O peso da solidão faz com que raramente sorria. Os 83 anos começam a cansá-la, assim como a conformidade de saber que voltar à sua casa para quando chegar “o dia”, não é mais uma realidade. Emília Trigo vive no Lar de Freixo de Espada à Cinta, é lá que a solidão parece mais pequena e por vezes até esquecida. A infelicidade de um acidente levou-a para ali, para a dependência que nunca quis. Num ano, viu-se a deixar a sua casa e o trabalho que ainda ia fazendo, mas a maior mágoa é não estar perto dos seus. “Tenho dois filhos, um filho e uma filha. O meu filho foi pra Lisboa, casou lá e lá ficou, desde que vim prá’qui nunca mais o voltei a ver. E a minha filha casou ali na Barca e é com quem me tenho encontrado”. Uma vez por mês filha e neta visitam Emília mas o tempo é sempre pequeno.

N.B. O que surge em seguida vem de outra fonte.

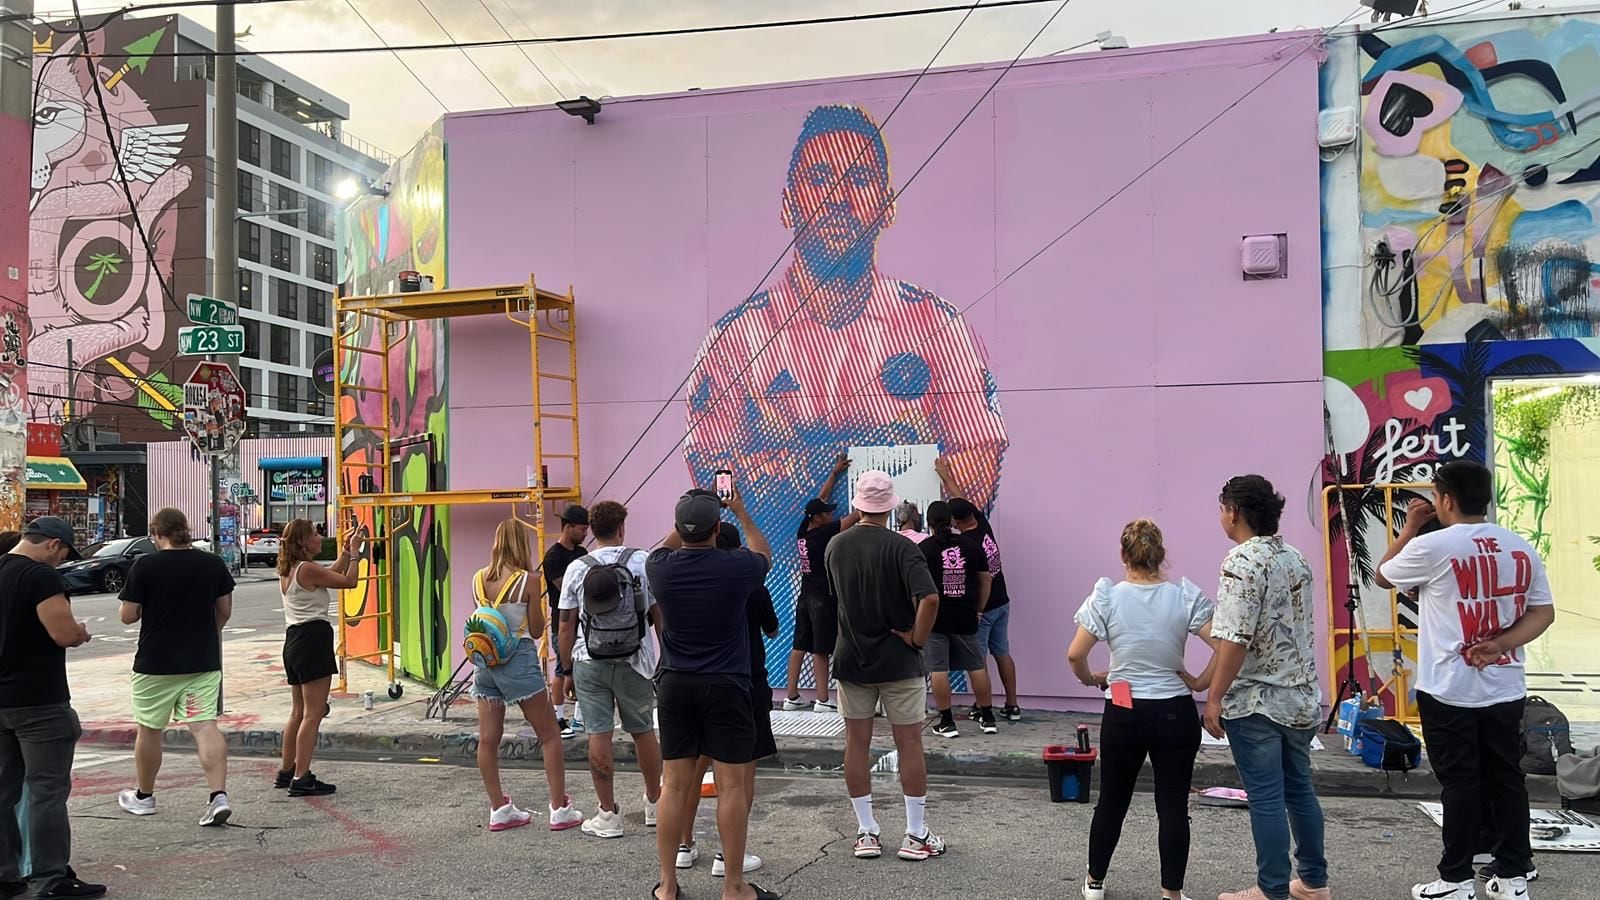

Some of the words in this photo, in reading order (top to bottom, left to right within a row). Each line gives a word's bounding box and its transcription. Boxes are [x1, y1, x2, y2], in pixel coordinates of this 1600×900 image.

[190, 302, 202, 318] NW
[209, 304, 217, 324] 2
[198, 330, 219, 351] 23
[227, 333, 240, 348] ST
[1472, 537, 1502, 554] THE
[1450, 550, 1532, 600] WILD

Na vida, foi pastora, com o marido, ofício que lhe permitiu fazer a casa que foi sua durante mais de 40 anos. “Era uma vidinha de trabalho, porque chovesse, que nevasse tínhamos que sair sempre; tínhamos que ir abrir a porta que o gadinho não podia estar lá todo o dia (...)”. O rendimento procurava-o na venda do que a terra e os animais davam, e sempre foi respeitada pela freguesia, “vendia muito queijo na Barca porque nesse tempo havia comboio e vinha pessoal prá li prá Barca e já sabiam a minha casa e levavam-me muito, cada vez que eles vinham tinham sempre aquela remessa pra cada um, vendia muito pra levarem no comboio pra baixo e prá Espanha, ia pra todos os lados”.

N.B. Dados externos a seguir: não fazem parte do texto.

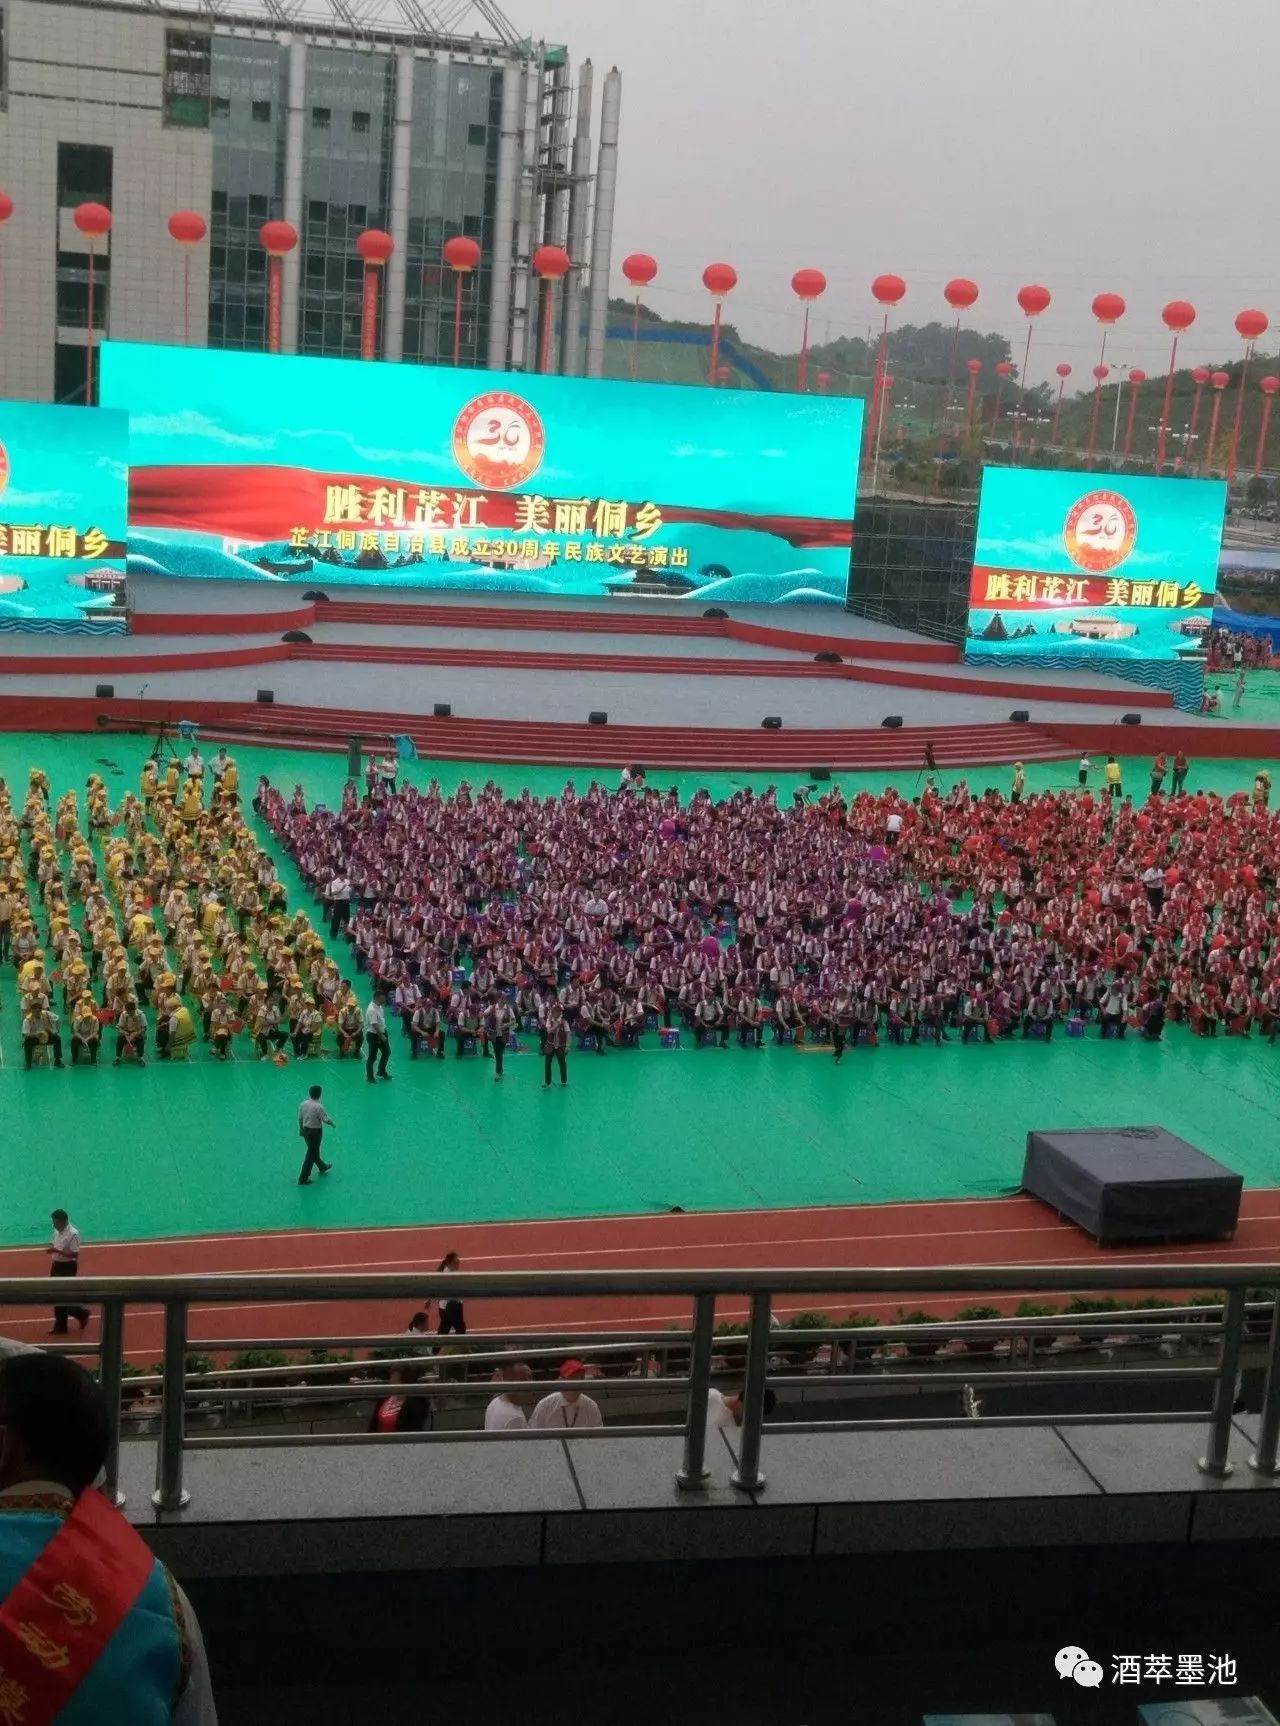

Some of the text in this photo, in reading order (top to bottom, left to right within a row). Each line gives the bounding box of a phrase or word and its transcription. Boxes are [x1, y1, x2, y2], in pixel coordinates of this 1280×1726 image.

[323, 483, 664, 540] 胜利芷江 美丽侗乡
[288, 527, 689, 568] 芷江侗族自治县成立30周年民族文艺演出
[984, 572, 1202, 609] 胜利芷江 美丽侗乡

No seu trabalho confessa que tinha dias de tudo, de boa vida e de trabalho mas o dinheiro chegava pra tudo, para a “comidinha”, não para enriquecer, diz, e sem precisar de ninguém. Não estudou, tinha que ajudar a criar os “mais pequenos” em casa. Nos dias que agora passam a ajuda sempre vem, mas não de quem ela espera. Ainda criou um sobrinho mas as palavras que chegam dele também são poucas. “Apanham-se criados com a vida governada e pobre de quem fica metida nos trabalhos, que passei tanto com ele, cheguei a ir buscar o leite a uma quinta numa burrinha e levá-lo tapado com um cobertor arrematado com uma corda, pra que não me caísse da burrinha a baixo”. 

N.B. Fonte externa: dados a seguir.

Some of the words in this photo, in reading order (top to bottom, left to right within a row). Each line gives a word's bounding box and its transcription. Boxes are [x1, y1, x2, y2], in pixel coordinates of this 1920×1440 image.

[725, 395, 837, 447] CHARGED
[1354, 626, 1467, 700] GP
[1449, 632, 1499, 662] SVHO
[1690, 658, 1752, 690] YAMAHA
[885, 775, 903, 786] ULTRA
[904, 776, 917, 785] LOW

A vida foi triste, admite, e a sua maior escuridão, a que “nunca lhe passa”, foi ter-lhe levado um neto cedo demais. E é essa mágoa que nunca contém. E a de ter deixado a casa. Sempre a sua casa. Ali é onde está o seu trabalho e o do marido, que já partiu. “Era e é uma casa muito linda. Na parede da frente tem um Santo António na parte de cima da porta, toda pintadinha a cor de rosa, era linda mas os anos passam-se e não podemos esperar por mais nada, lá ficou prós filhos”. Ali onde se ergueu grande parte da sua história, tem sempre vontade de voltar. Na sua casa, apesar de só, é quando volta a ser quem sempre foi. É só ali que a solidão parece sempre tornar-se mais pequena.